Court of Appeals of Kentucky.
Oct. 28, 1908.
ACTION: Rulings certified as stated.

Appeal from Circuit Court, Laurel County.
"Not to be officially reported."
Dempsey West was convicted of voluntary manslaughter, and the commonwealth appealed to have certain rulings settled and certified.

The commonwealth of Kentucky has appealed in this case, complaining that the law was not properly ruled in several particulars upon the trial in the court below; and it now asks that the questions mooted by it be adjudicated and certified to the circuit court.

The appellee, Dempsey West, was indicted by the grand jury of Whitley county on the 13th day of November, 1906, together with Samuel Lewis and John W. Johnson, charged with the willful murder of Esrom Lawson. The venue of the action on motion was transferred from Whitley to Laurel county.
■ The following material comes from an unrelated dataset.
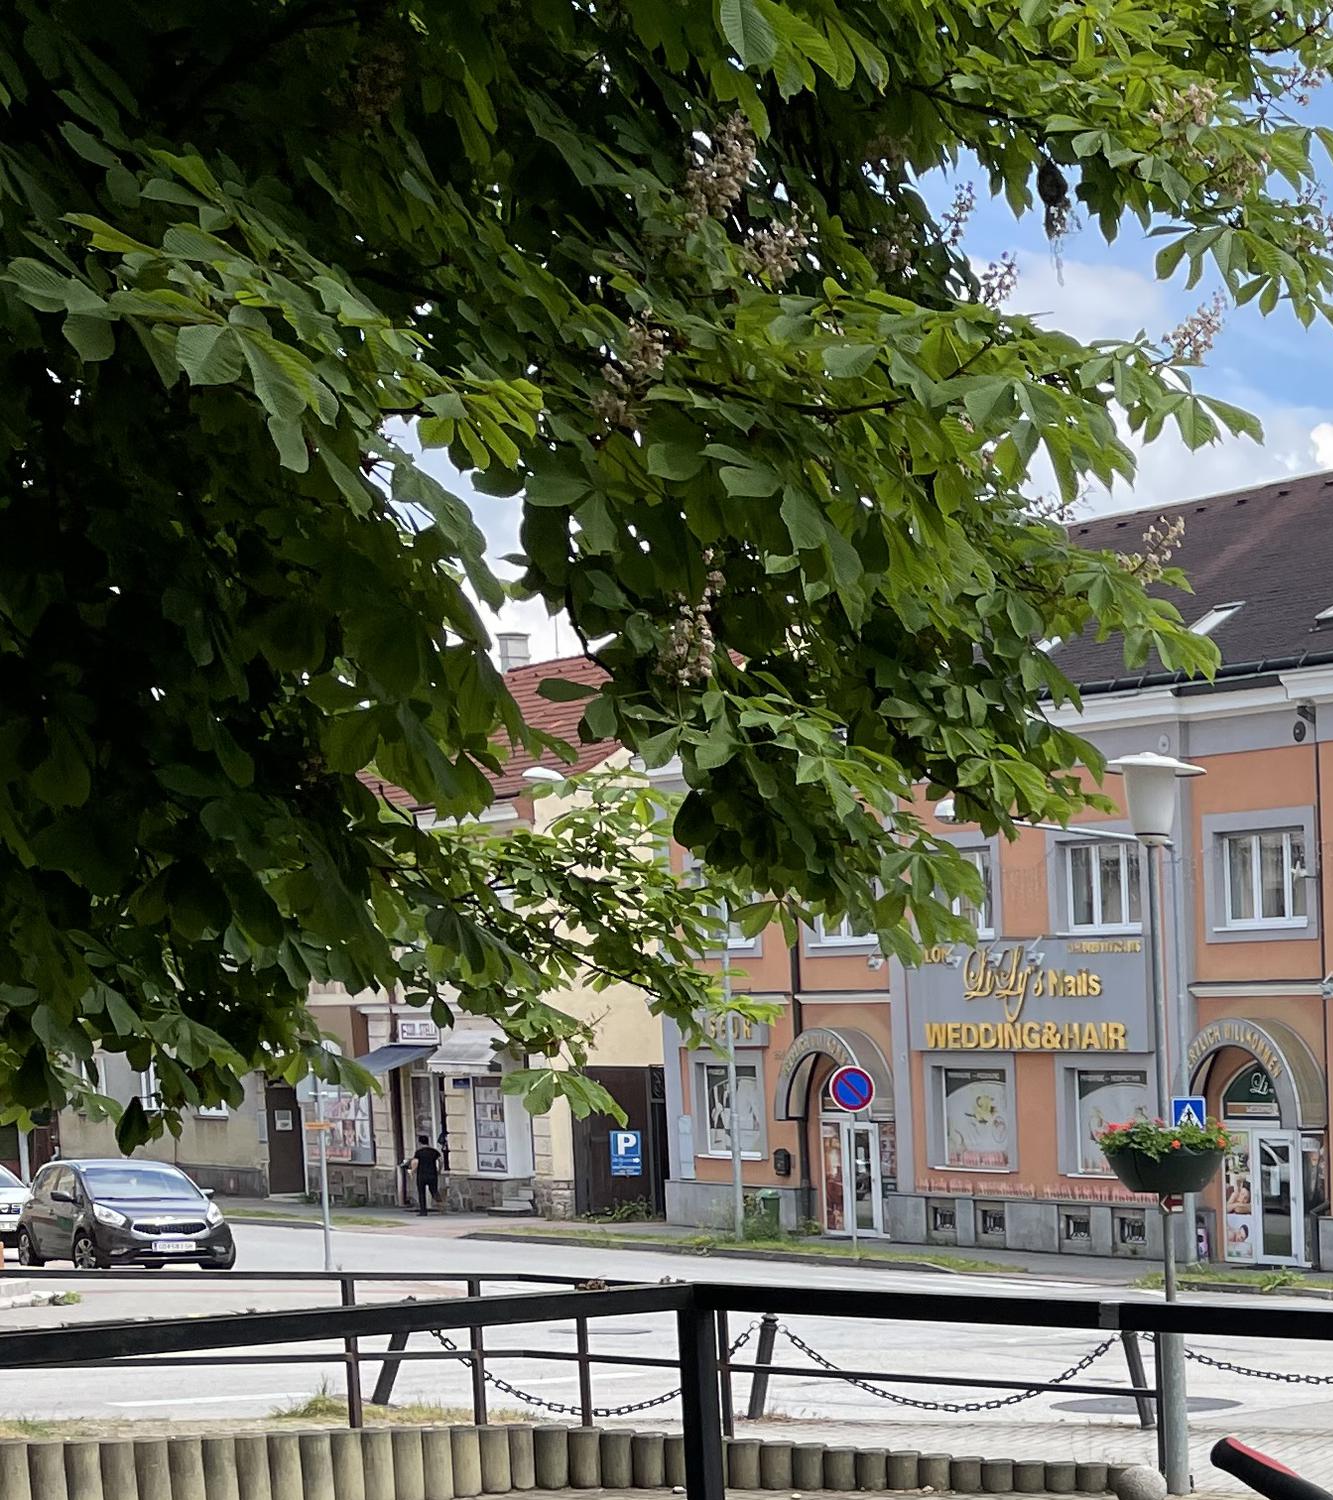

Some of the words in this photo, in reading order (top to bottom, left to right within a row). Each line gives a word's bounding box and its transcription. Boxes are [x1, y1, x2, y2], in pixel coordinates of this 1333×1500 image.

[1048, 967, 1103, 998] Nails
[924, 1021, 1128, 1050] WEDDING&HAIR
[617, 1133, 637, 1156] P
When the case was called for trial, Dempsey West demanded a separate trial, which was granted by the court, and the commonwealth elected to try him first. The trial resulted in a verdict of guilty of the crime of voluntary manslaughter, and the punishment of the defendant fixed at confinement in the penitentiary for two years. From this judgment West did not prosecute an appeal, and, as said before, the commonwealth has appealed for the purpose of having certain principles of law arising during the trial settled and certified. A short history of the facts which led up to the killing involved in this prosecution will be necessary.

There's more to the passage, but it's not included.